- _Phrase grounding data_
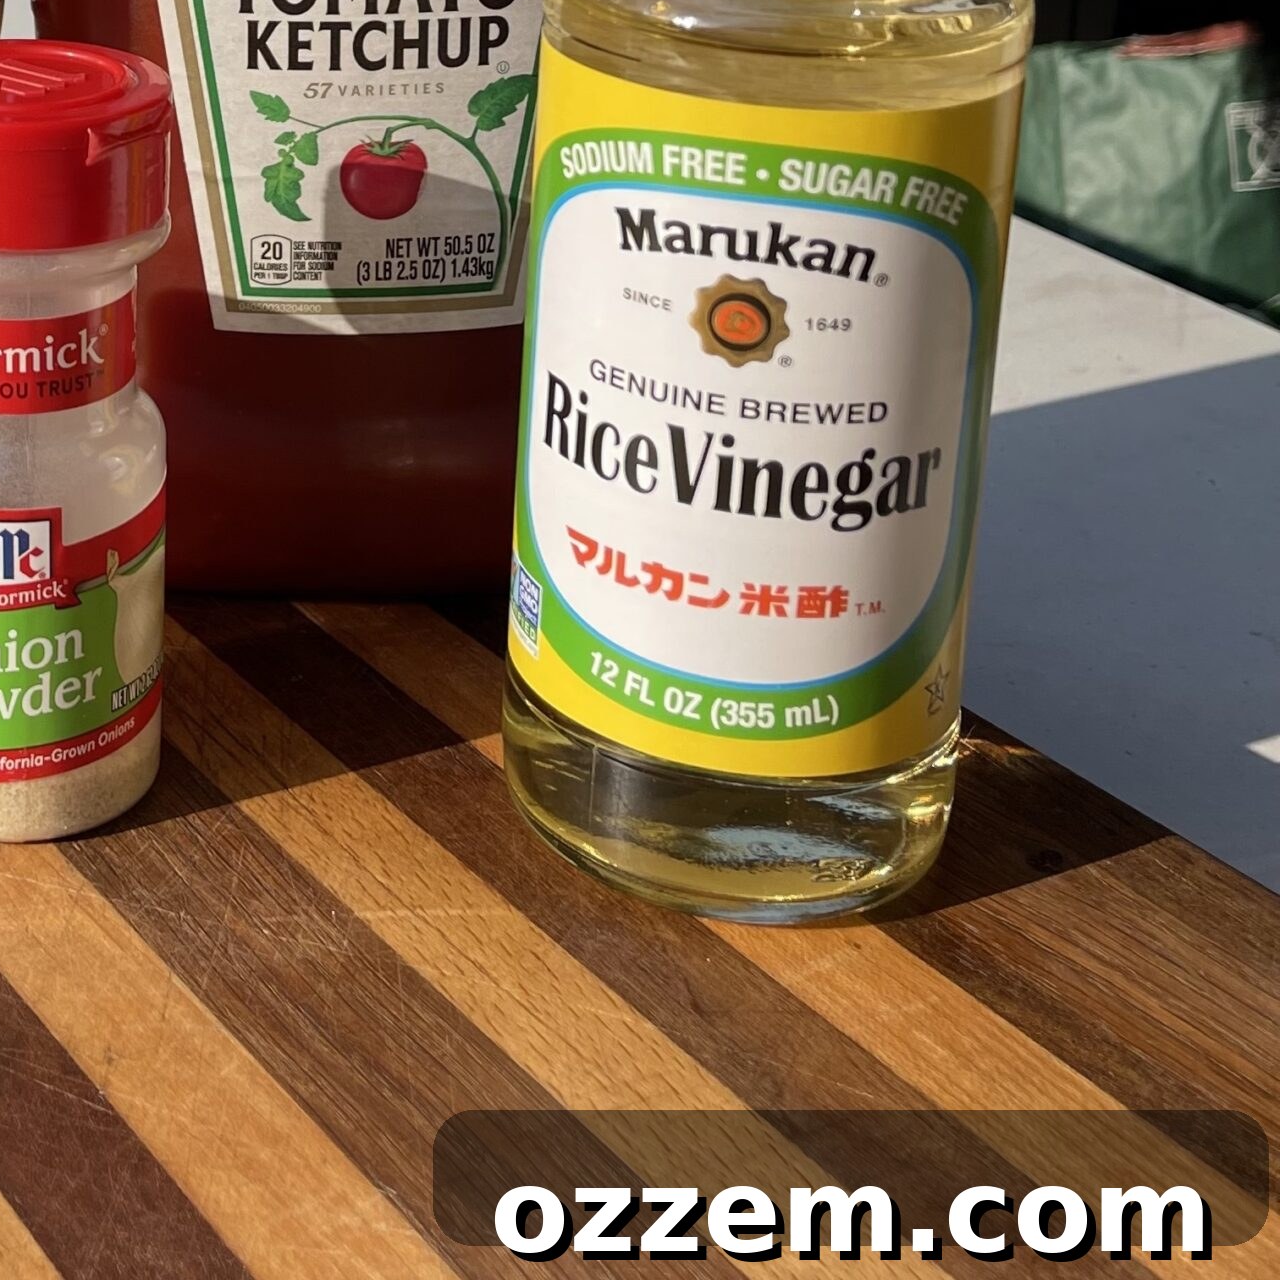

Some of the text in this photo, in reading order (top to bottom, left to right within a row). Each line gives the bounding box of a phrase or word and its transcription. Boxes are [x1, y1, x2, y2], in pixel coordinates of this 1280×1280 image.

[246, 15, 510, 72] KETCHUP
[303, 82, 445, 99] 57 VARIETIES
[560, 140, 969, 227] SODIUM FREE SUGAR FREE
[260, 241, 283, 260] 20
[292, 241, 342, 251] SEE NUTRITION
[292, 251, 338, 261] INFORMATION
[385, 233, 496, 259] NET WT 50.5 OZ
[614, 206, 877, 283] Marukan
[253, 262, 288, 271] CALORIES
[292, 261, 335, 271] FOR SODIUM
[292, 271, 322, 281] CONTENT
[356, 256, 494, 286] (3 LB 2.5 OZ) 1.43kg
[622, 286, 673, 311] SINCE
[804, 317, 853, 332] 1649
[36, 372, 95, 399] TRUST
[589, 358, 889, 424] GENUINE BREWED
[543, 370, 943, 533] Rice Vinegar
[565, 523, 850, 619] マルカン 米酢
[111, 686, 128, 712] NET
[591, 651, 840, 730] 12 FL OZ (355 mL)
[98, 717, 136, 747] Onions

- _Task item_
Set down a word-for-word copy of the records, dropping any picture.

- _Output for this exercise_
Some of the text in this photo, in reading order (top to bottom, left to right within a row). Each line gives the bounding box of a phrase or word and its transcription. Boxes are [x1, y1, x2, y2], in pixel coordinates of this 1280×1280 image.

[246, 15, 510, 72] KETCHUP
[303, 82, 445, 99] 57 VARIETIES
[560, 140, 969, 227] SODIUM FREE SUGAR FREE
[260, 241, 283, 260] 20
[292, 241, 342, 251] SEE NUTRITION
[292, 251, 338, 261] INFORMATION
[385, 233, 496, 259] NET WT 50.5 OZ
[614, 206, 877, 283] Marukan
[253, 262, 288, 271] CALORIES
[292, 261, 335, 271] FOR SODIUM
[292, 271, 322, 281] CONTENT
[356, 256, 494, 286] (3 LB 2.5 OZ) 1.43kg
[622, 286, 673, 311] SINCE
[804, 317, 853, 332] 1649
[36, 372, 95, 399] TRUST
[589, 358, 889, 424] GENUINE BREWED
[543, 370, 943, 533] Rice Vinegar
[565, 523, 850, 619] マルカン 米酢
[111, 686, 128, 712] NET
[591, 651, 840, 730] 12 FL OZ (355 mL)
[98, 717, 136, 747] Onions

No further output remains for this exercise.